# The problem
In the copy, every line of the material that follows must appear exactly, and no pictures should.

____ Provided data

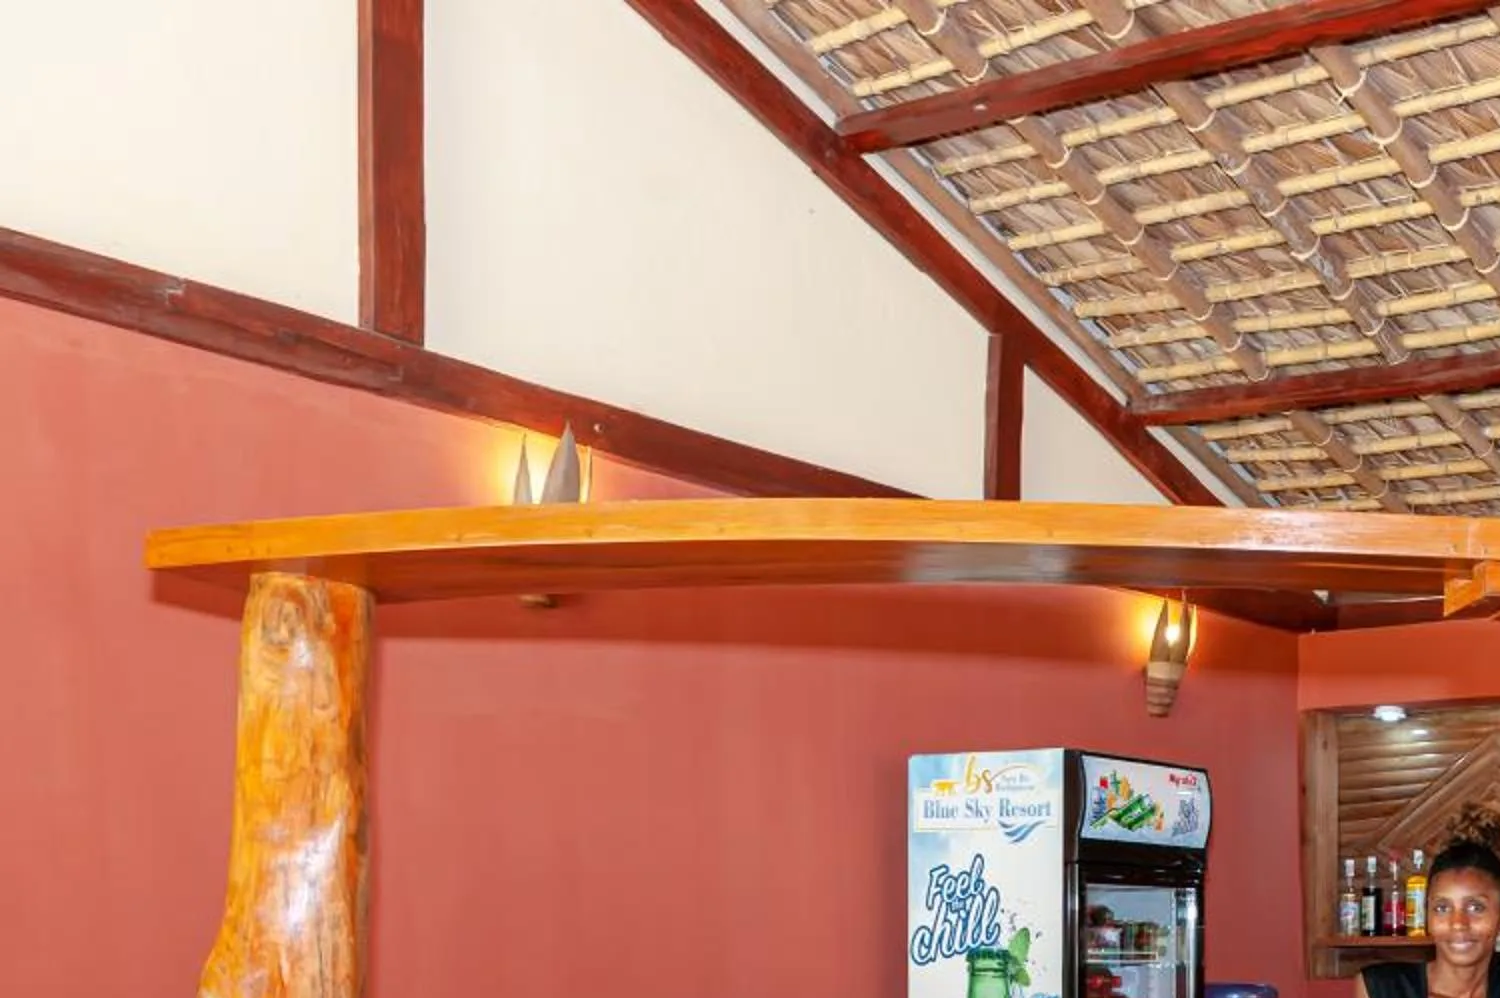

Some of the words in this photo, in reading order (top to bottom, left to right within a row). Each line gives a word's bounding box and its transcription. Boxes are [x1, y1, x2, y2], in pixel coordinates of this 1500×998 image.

[923, 799, 958, 819] Blue
[965, 797, 993, 823] Sky
[999, 798, 1052, 818] Resort
[926, 853, 985, 911] Feel
[911, 885, 1000, 967] chill
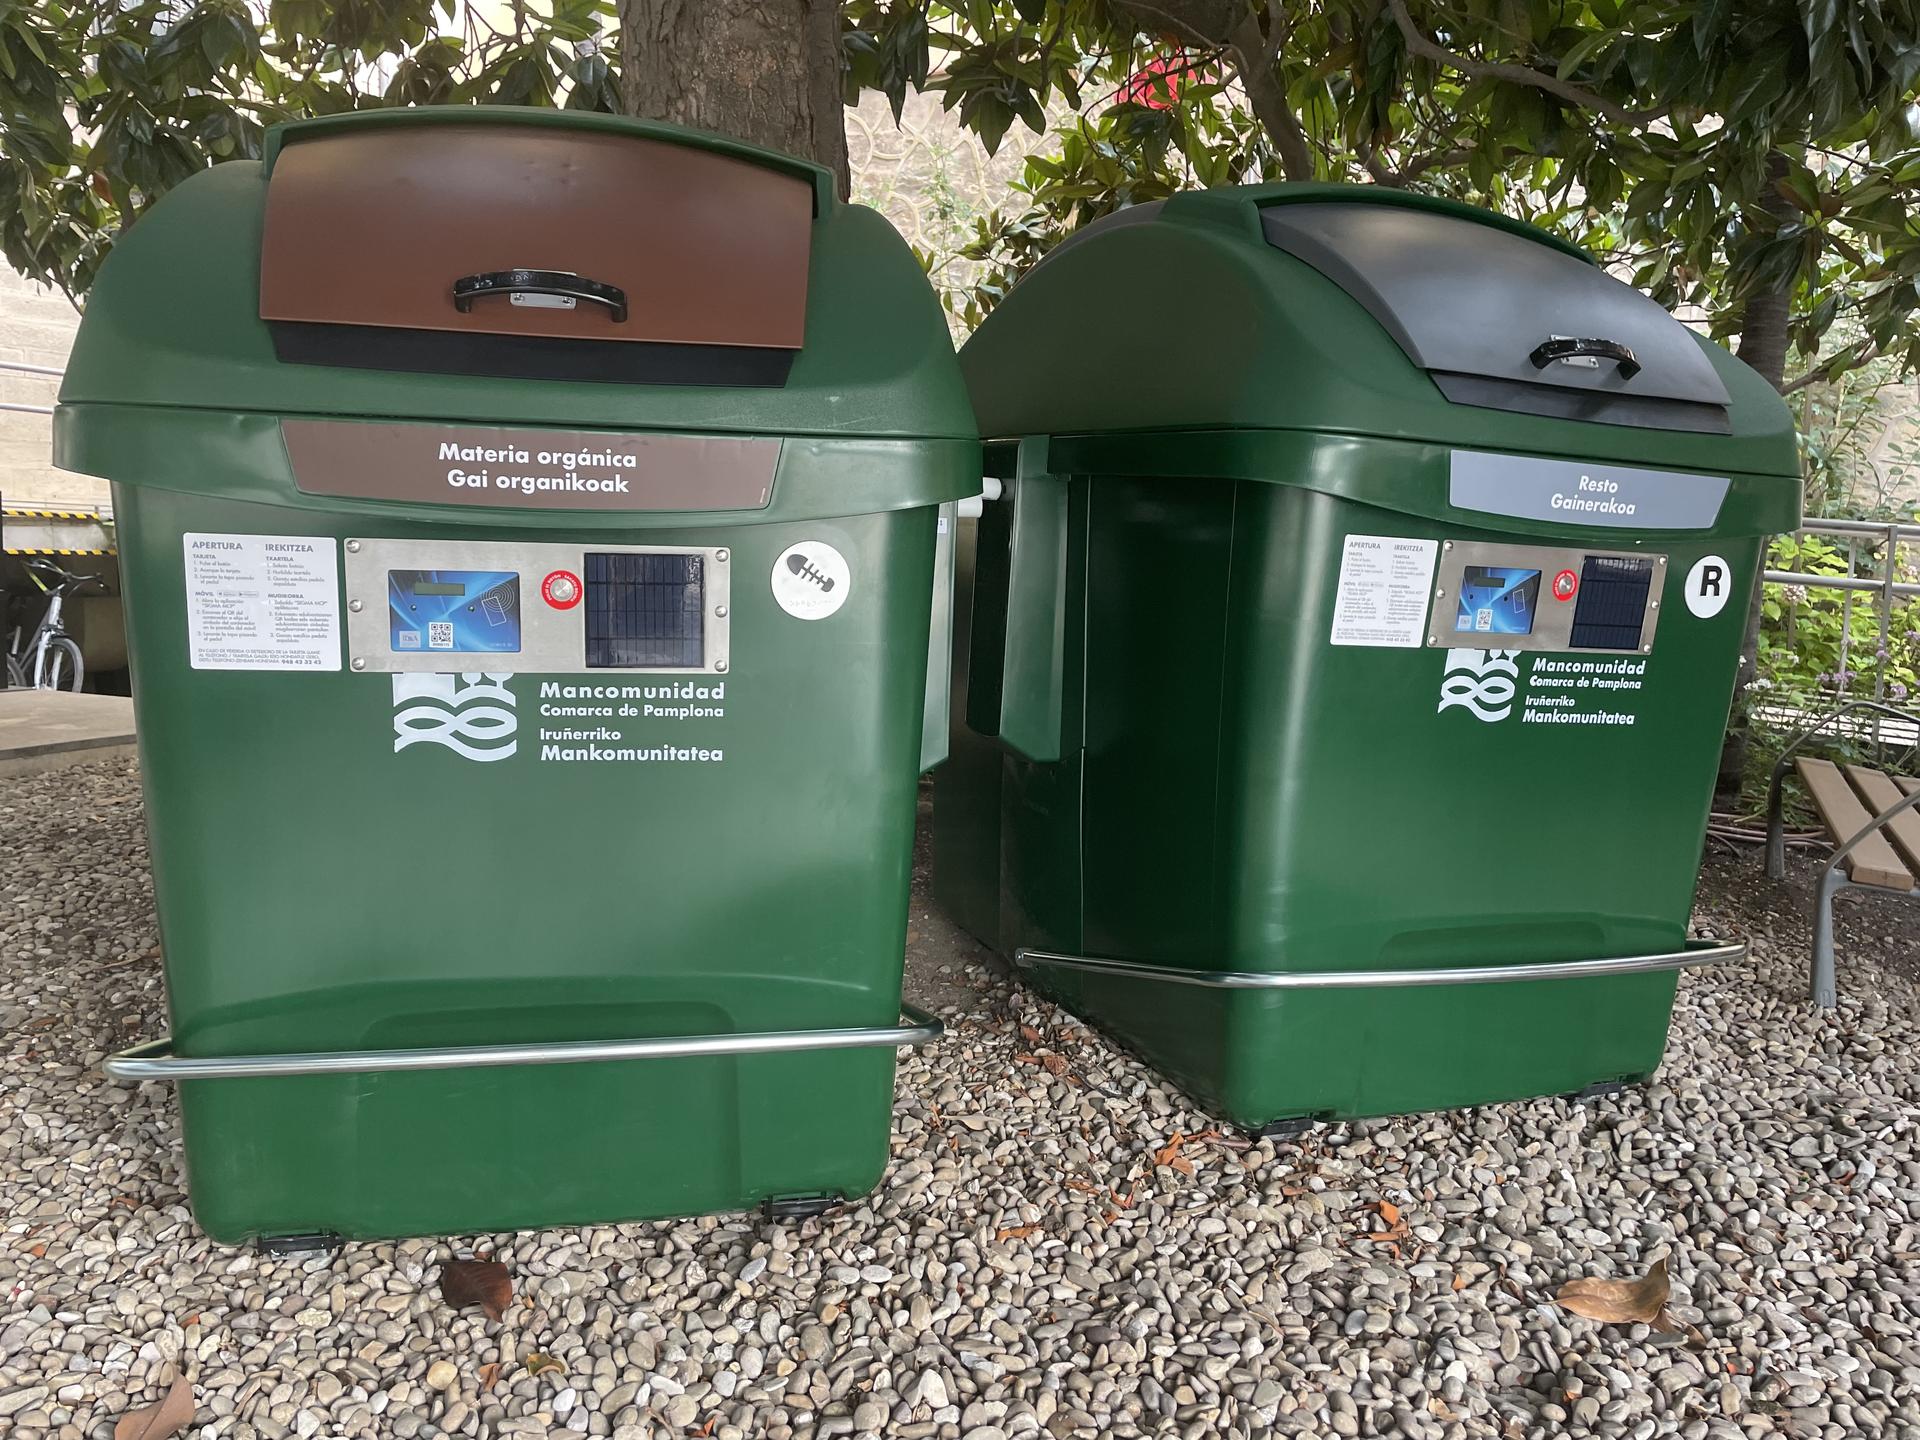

________

# Task output
Some of the words in this photo, in reading order (top to bottom, left to right within a row). Each line gives a word's bounding box and its transcription. Boxes are [x1, y1, x2, y2], in pixel coordinates of this 1500×998 image.

[923, 799, 958, 819] Blue
[965, 797, 993, 823] Sky
[999, 798, 1052, 818] Resort
[926, 853, 985, 911] Feel
[911, 885, 1000, 967] chill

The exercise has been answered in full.